The Tweaktown ads aren't annoying.  Yes, there are a few animated ones, but they aren't the annoying animated ones.  Then are the slow changing ones with just a minor change.  LIke some words changing, or a product available in multiple colors switching through the colors slowly.  TPU has these types of ads too.



Static~Charge said:


> You have the right to refuse ad-blocking users. Ad-blocking users have the right to boycott your web site. Either way, the net result is the same: ad-blocking users won't see your ads. It's a "heads I win, tails you lose" scenario.



Actually, the net result isn't the same.  If the ad-block users boycott the site, it actually saves them money.  It is better for them to boycott the site then it is to visit the site without ads.


----------



## Solaris17 (Nov 19, 2016)

CamWilmot said:


> Not really, because they are usually always 100% against any advertising. And will reject simple things even like watching a short video every 24 hours. So, we will use technology to control who views our content.



well this went well.


----------



## Caring1 (Nov 19, 2016)

newtekie1 said:


> If they aren't displaying the ads, then they aren't making revenue anyway.
> 
> If you like the site and appreciate the content, add it to your whitelist, or watch the freaking ad once a day so they can at least make a little money.
> 
> People just always want everything for free.  Sorry, but people have to make a living.

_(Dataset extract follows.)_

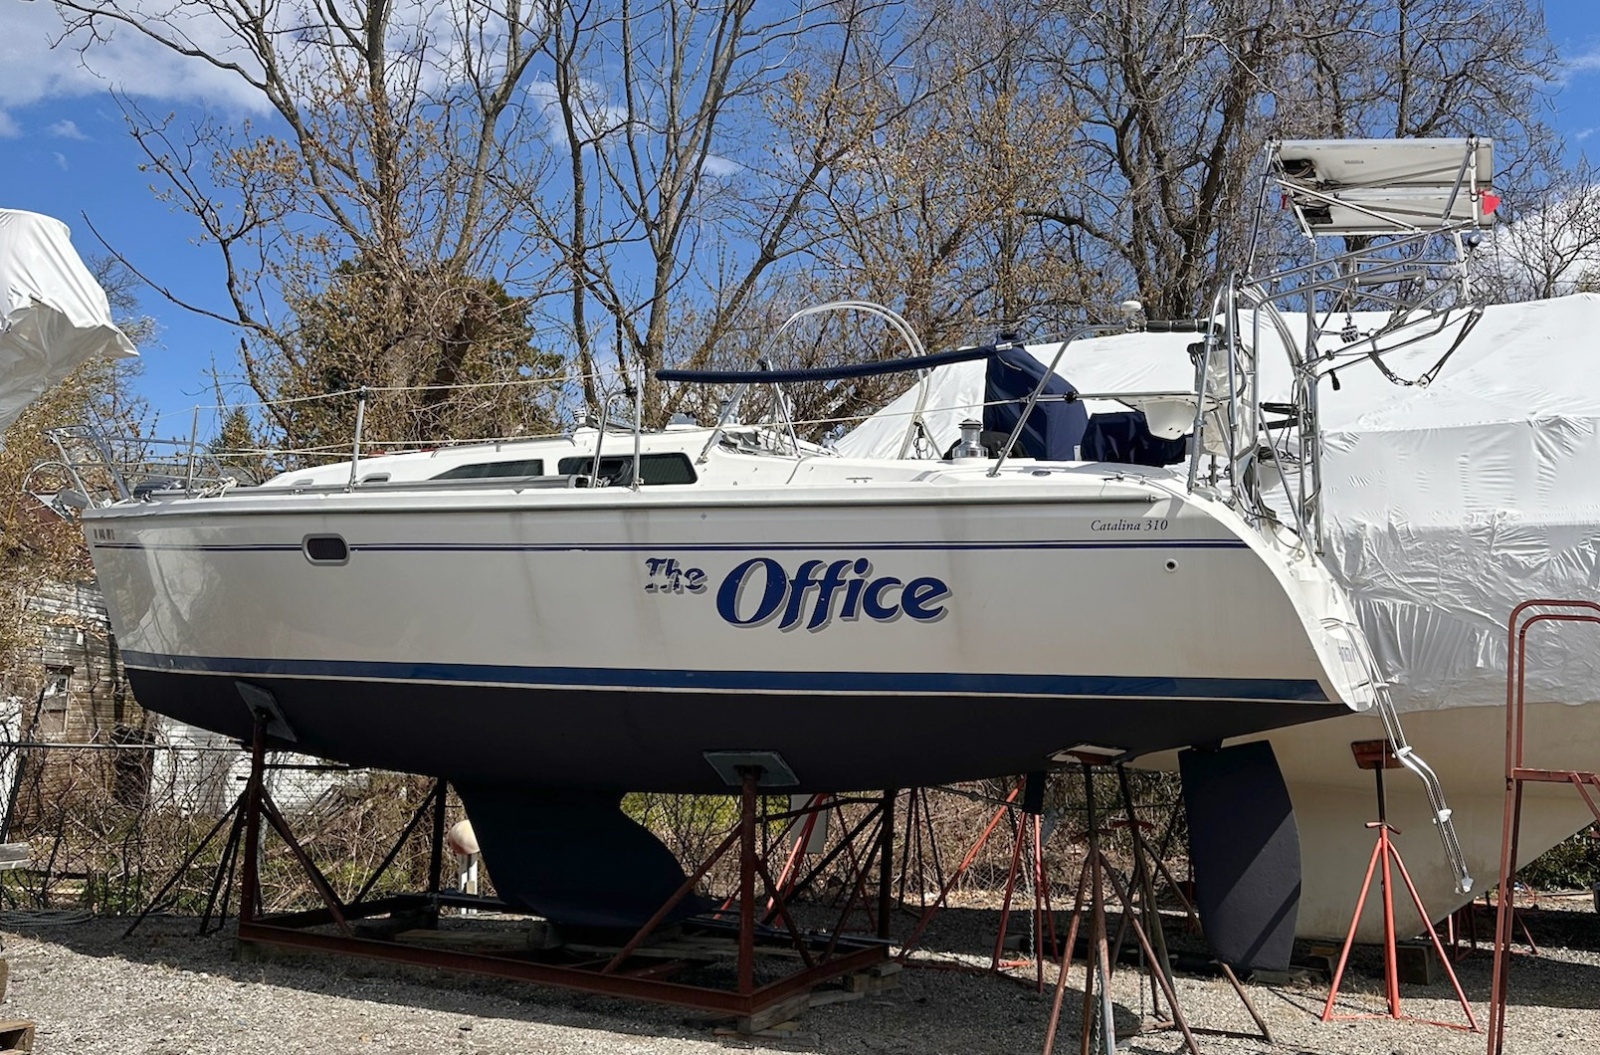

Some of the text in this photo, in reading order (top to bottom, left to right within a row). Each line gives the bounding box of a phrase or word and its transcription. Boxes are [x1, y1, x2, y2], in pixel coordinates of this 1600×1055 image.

[1090, 519, 1168, 531] Catalina 310
[644, 556, 952, 634] The Office
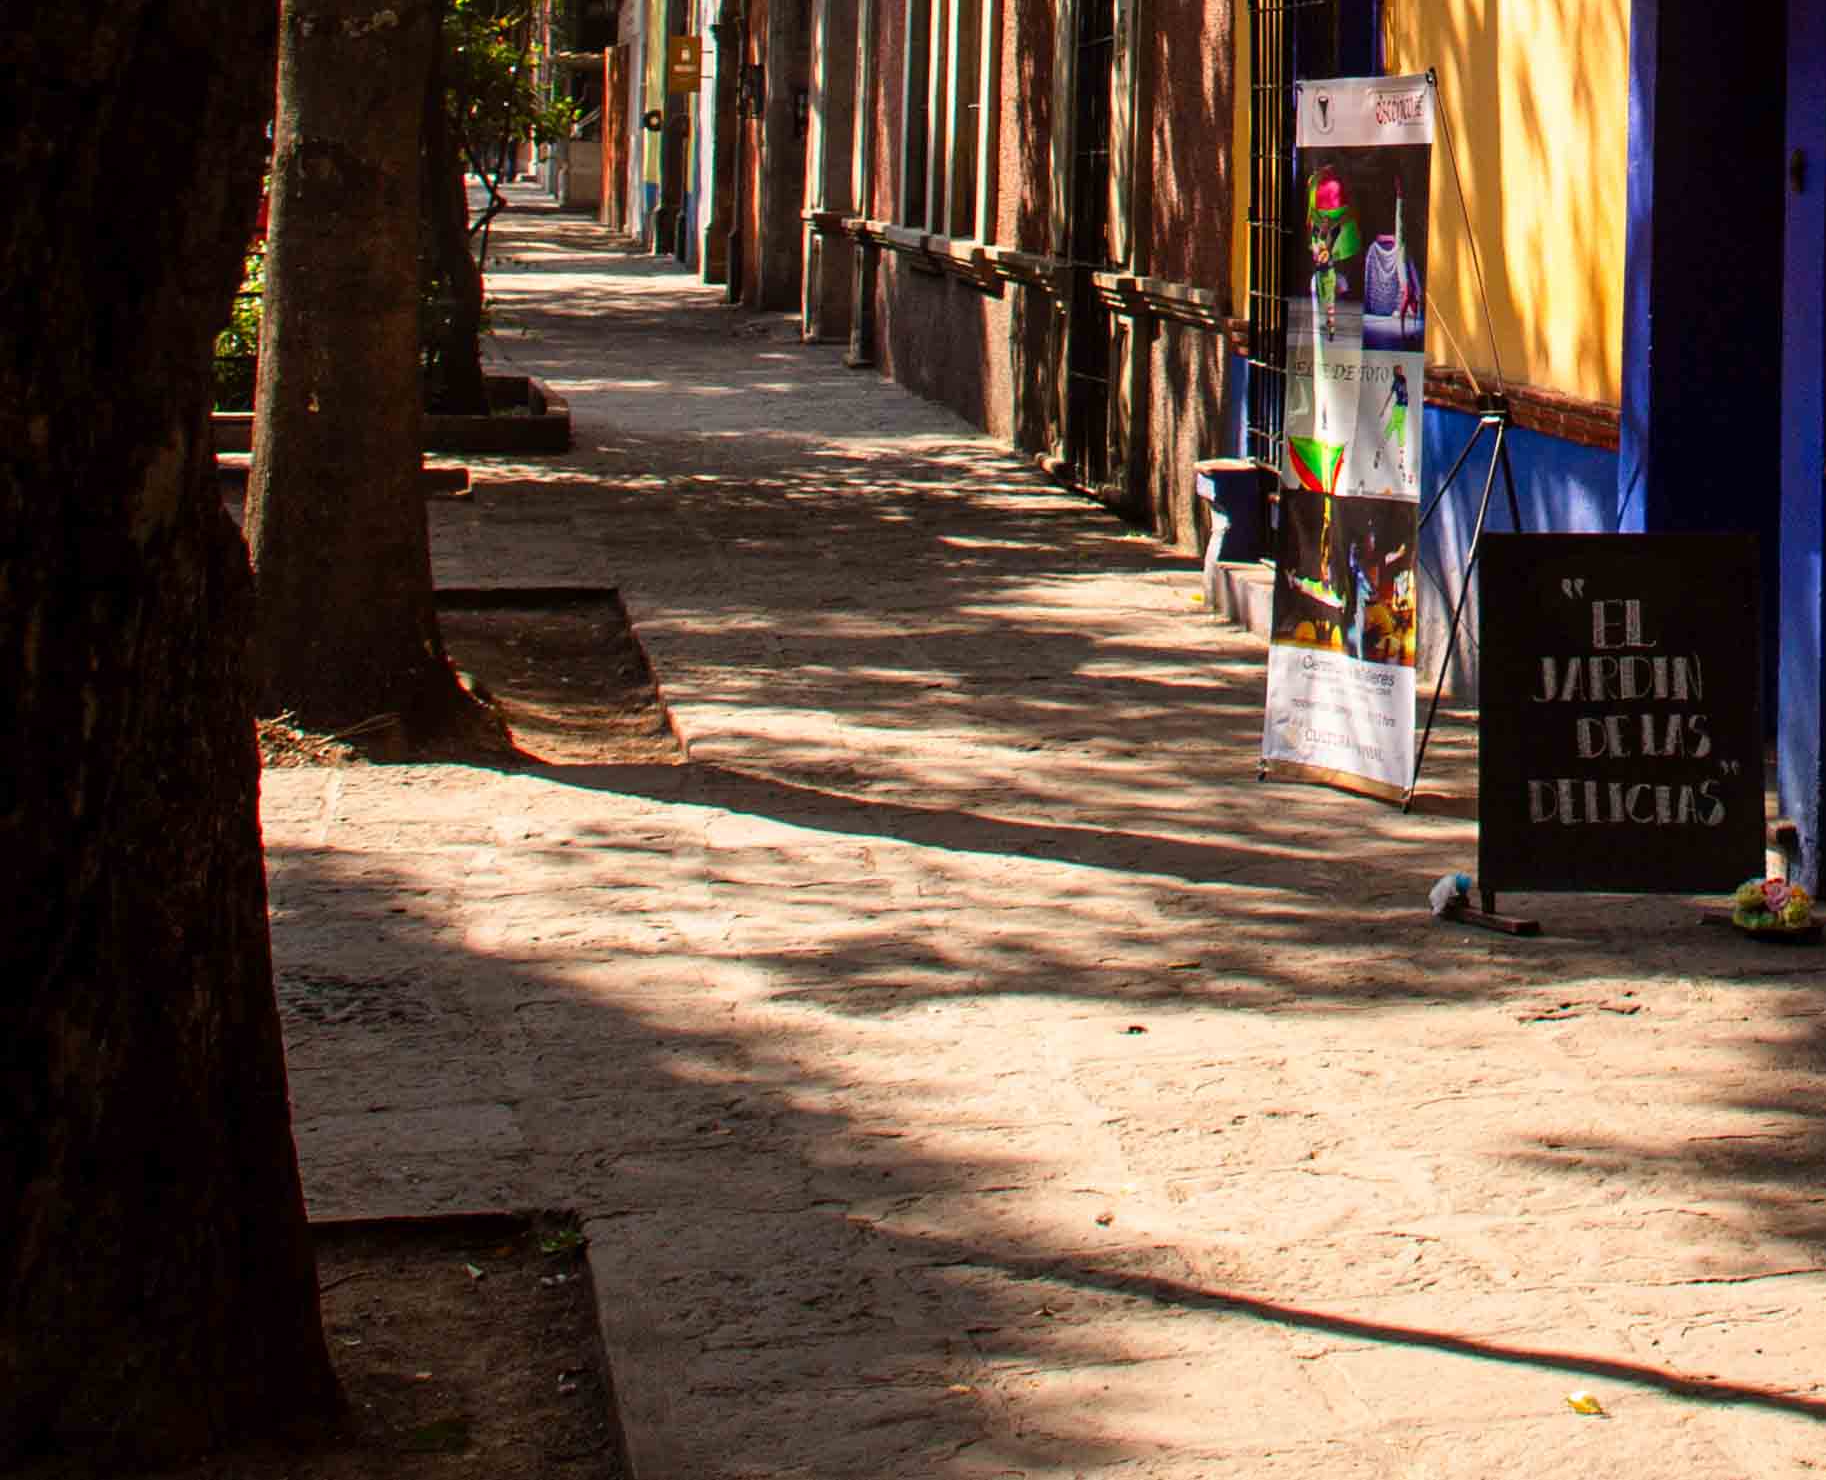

Then do like TPU has and get paid a percentage of each link posted or purchase made off a link. There isn't a need to blast ads all over the place.
I imagine TPU isn't suffering, and it's reputation isn't either.


----------



## yotano211 (Nov 19, 2016)

I dont know how long TT has been up and running but from their forums it seems many years. The TT forums seems to be pretty much dead. I like to go to a tech site where the forums are alive with members and sharing ideas, talking about stuff.

I read some of the reviews and the reviews are incomplete, the laptop reviews dont have anything on power draw or screen quality. I want to know how bright is the screen or how are the colors. And temperatures, I dont want to see how the external surface temperatures will be, I want to know the maximum temperature the laptop will get at 100%. Your so called gaming laptop review are kinda of a joke with the surface temperature. Laptop gamers want the max temps. If you like ideas go to http://www.notebookcheck.net/   They have a complete reviews about laptops and other tech things.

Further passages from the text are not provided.